Vivian I’d hate to do that too. I’d never go up there if I didn’t have a character to hide behind.
Peter My first professional experience was when I was an acting assistant stage manager. I had to juggle setting props and doing calls with putting on make-up and costume.
Charlotte In my first job out of university, I was contracted as an ASM understudy. Luckily, they got proper understudies in, but I was dreading it.
Ros When I was still an ASM, at every show the director was like: “Maybe if we just put you in costume and…”
Beryl I remember realising that I was never going to be Mary in the nativity play. That was a life lesson.
Jon That’s interesting is that everyone’s early stories (even Vivian scowling in a box) have an element of ‘this is what I’m going to do’ about them.
Ros I wasn’t 100% sure it’s what I wanted to do until I saw Les Mis on my 10th birthday, but I had always been fascinated by theatre.
Peter I used to take my mother through her lines when I was eight.
Vivian Ah yes, I knew. I just didn’t know what it meant. Or what it was. Or how you did it.
Beryl I was an acting ASM to get my Equity card, painting boxes under the stage in Milford Haven. Ooh, the glamour of showbiz, I thought.
Peter I was given a present by an older actor. A prop she’d used in her first professional appearance. I then passed it on.
Beryl I remember playing the Artful Dodger and realising that I had the audience with me. Ooh, the power!

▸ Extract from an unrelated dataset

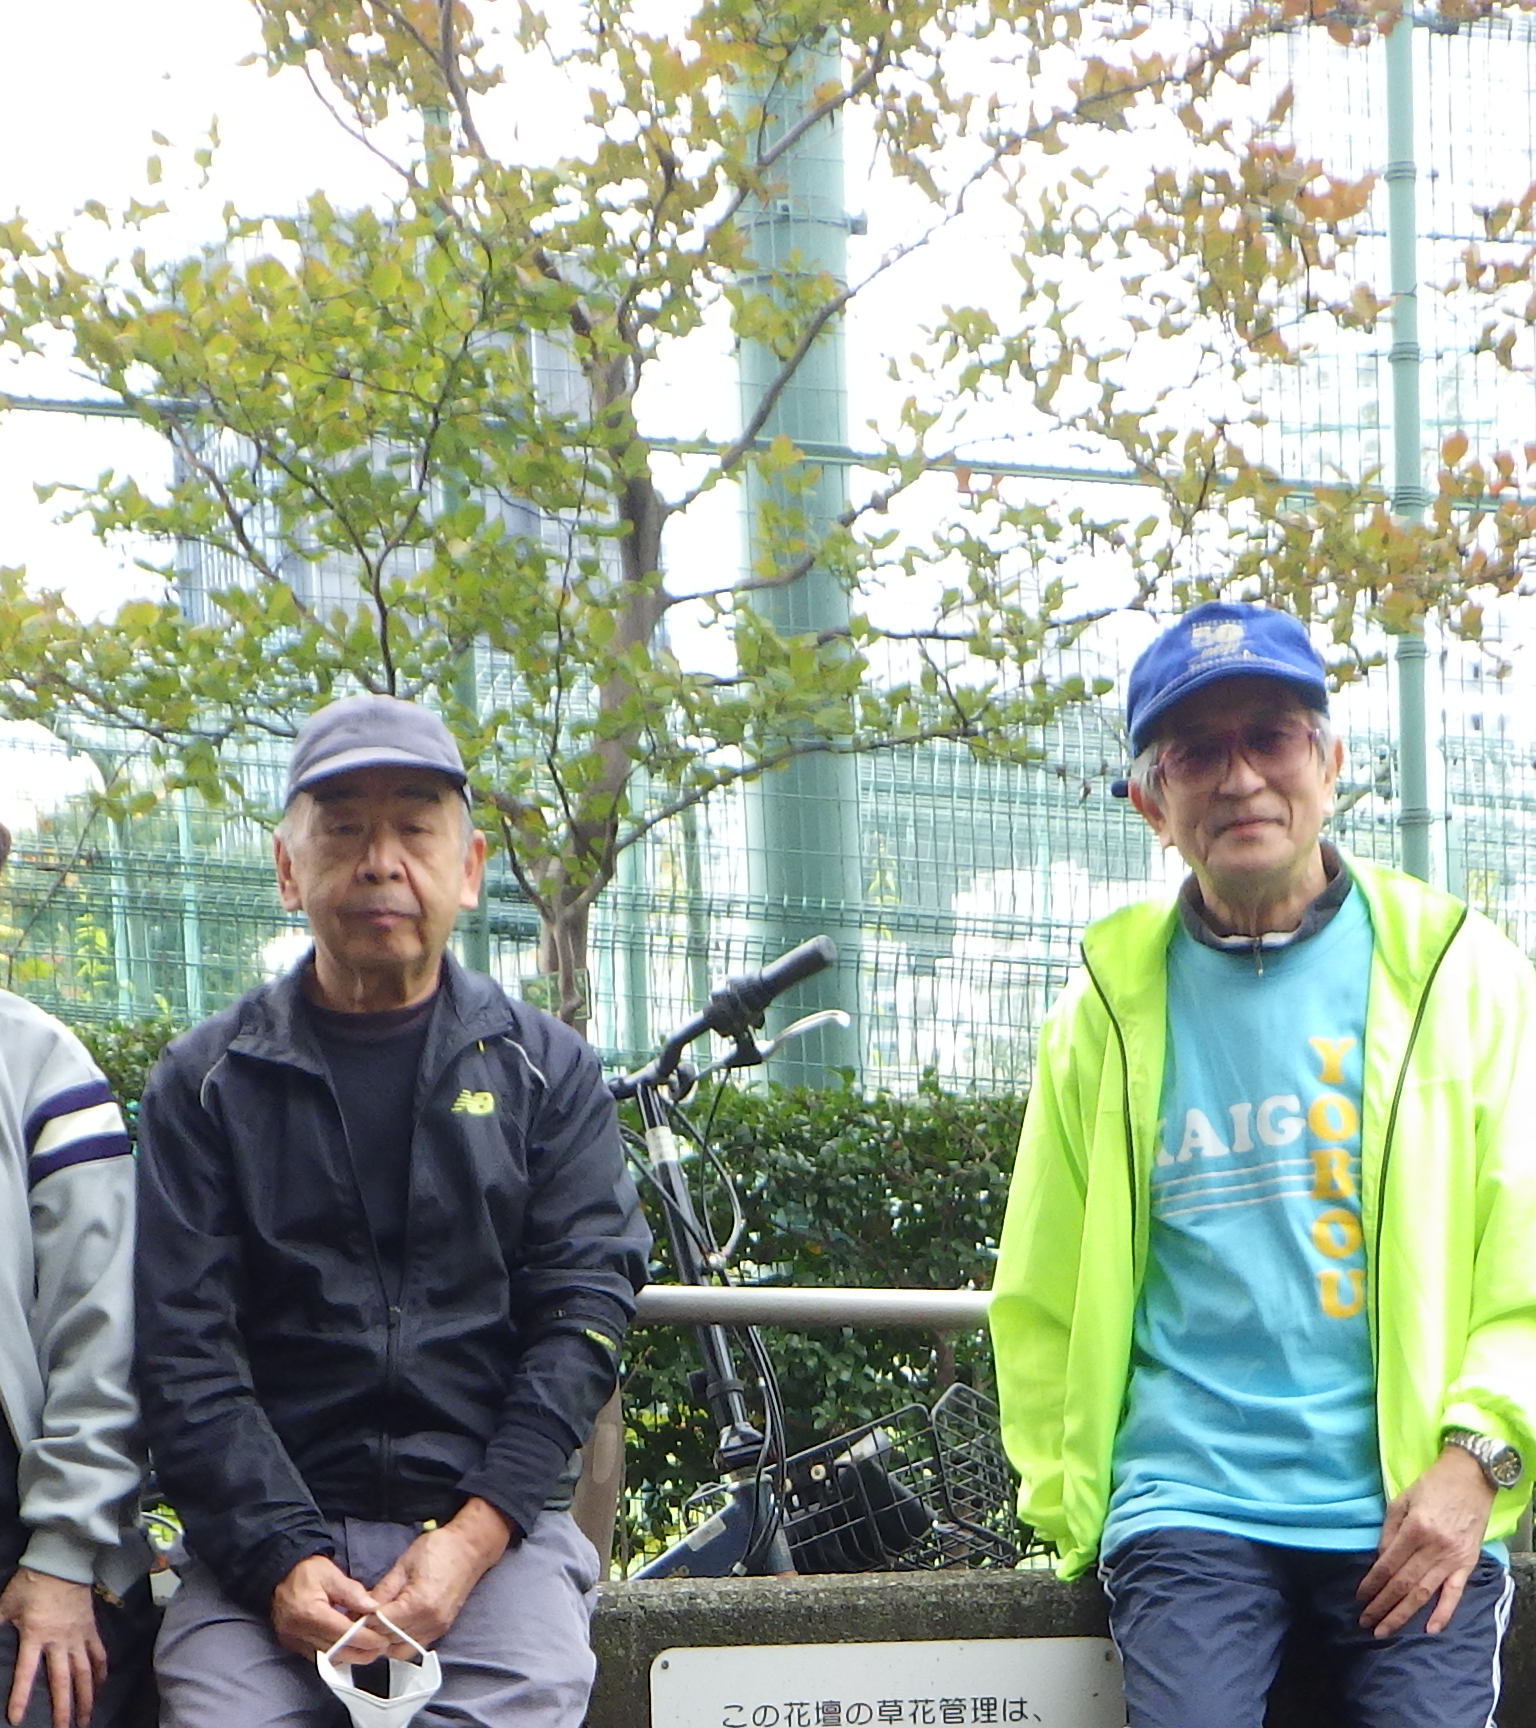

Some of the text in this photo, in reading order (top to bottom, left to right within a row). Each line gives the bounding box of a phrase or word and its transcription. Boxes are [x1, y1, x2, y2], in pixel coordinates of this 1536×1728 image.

[722, 1696, 1043, 1728] この花壇の草花管理は、
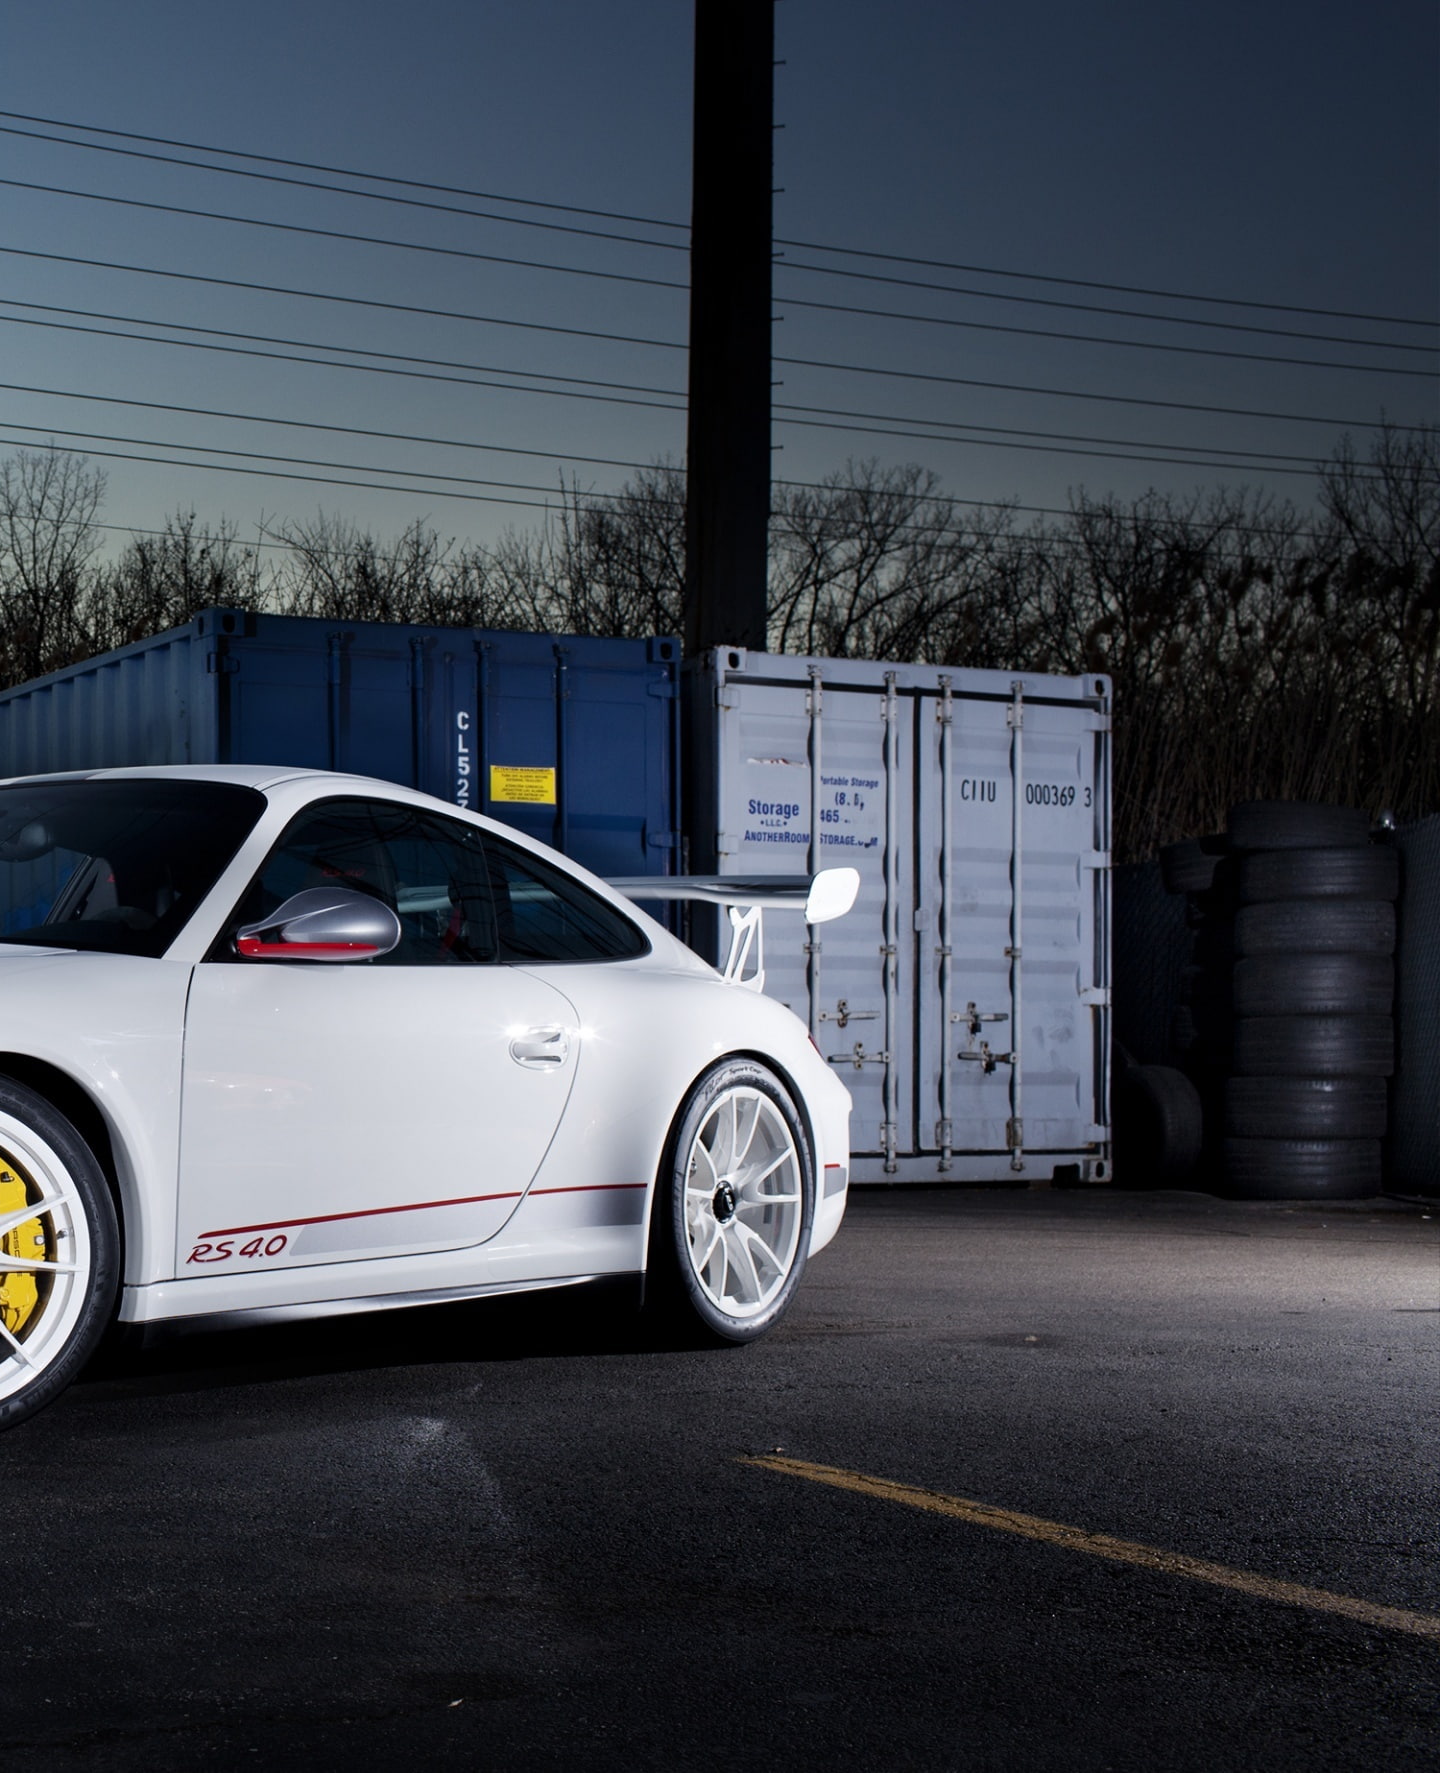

Vivian I was brought to the circus a lot more than the theatre as a kid. I distinctly remember one time when I just knew I was going to win the raffle. And I got up early to claim my prize when they called the number. I recall walking into the ring and feeling terrified, but really good. And not wanting to leave the ring. It turned out I was only two or three when it happened. I thought I was so much older.